──────── Data records ────────

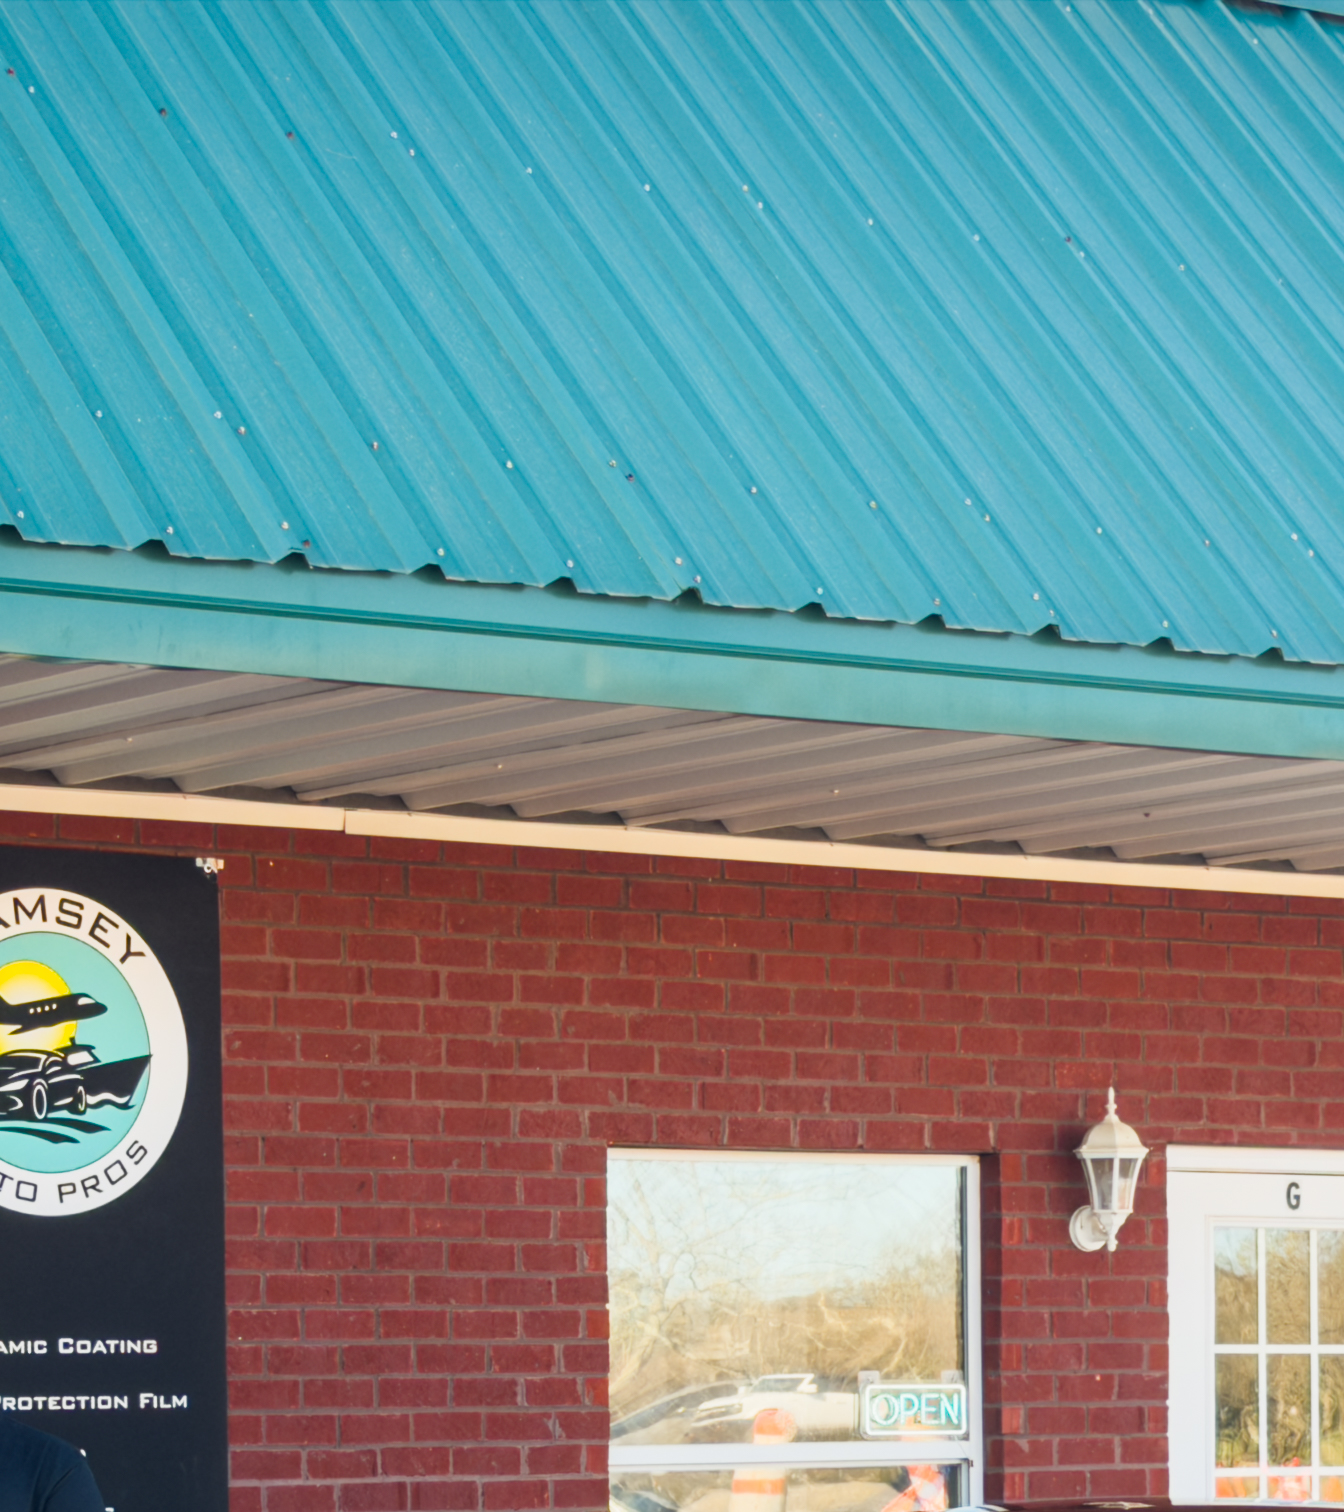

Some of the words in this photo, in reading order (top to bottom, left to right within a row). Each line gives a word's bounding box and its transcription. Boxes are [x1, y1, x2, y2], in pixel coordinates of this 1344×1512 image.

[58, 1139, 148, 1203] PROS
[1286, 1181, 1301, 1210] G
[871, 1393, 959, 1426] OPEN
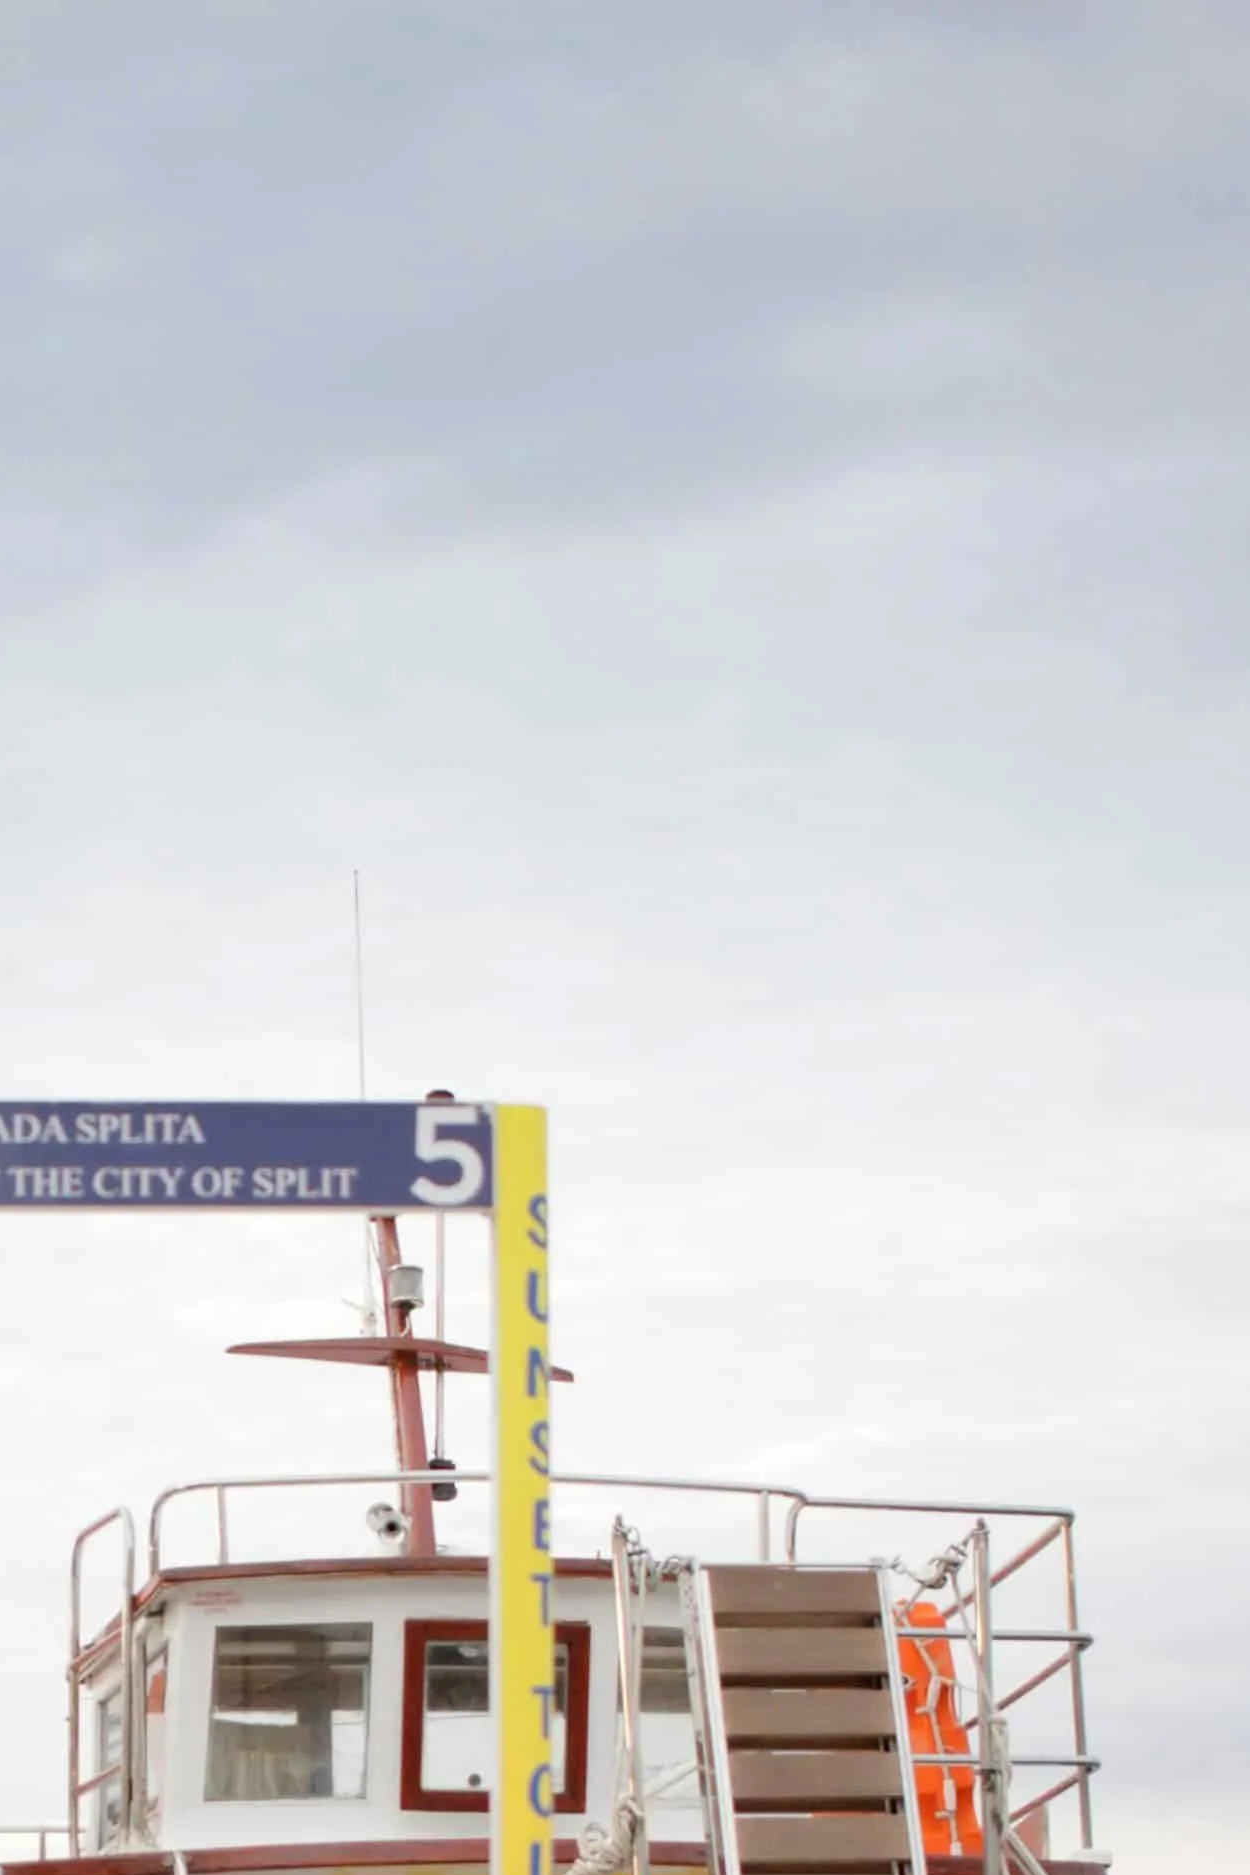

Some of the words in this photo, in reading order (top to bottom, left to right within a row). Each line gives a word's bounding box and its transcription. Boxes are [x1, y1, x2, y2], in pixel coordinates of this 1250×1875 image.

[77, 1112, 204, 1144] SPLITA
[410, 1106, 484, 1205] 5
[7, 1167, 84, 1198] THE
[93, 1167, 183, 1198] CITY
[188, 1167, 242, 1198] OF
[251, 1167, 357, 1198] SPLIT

────────

• [Prompt]: The line containing "this 1250×1875 image." and every line after it, through the end of the records, should be repeated exactly and alone.

• [Written answer]:
Some of the words in this photo, in reading order (top to bottom, left to right within a row). Each line gives a word's bounding box and its transcription. Boxes are [x1, y1, x2, y2], in pixel coordinates of this 1250×1875 image.

[77, 1112, 204, 1144] SPLITA
[410, 1106, 484, 1205] 5
[7, 1167, 84, 1198] THE
[93, 1167, 183, 1198] CITY
[188, 1167, 242, 1198] OF
[251, 1167, 357, 1198] SPLIT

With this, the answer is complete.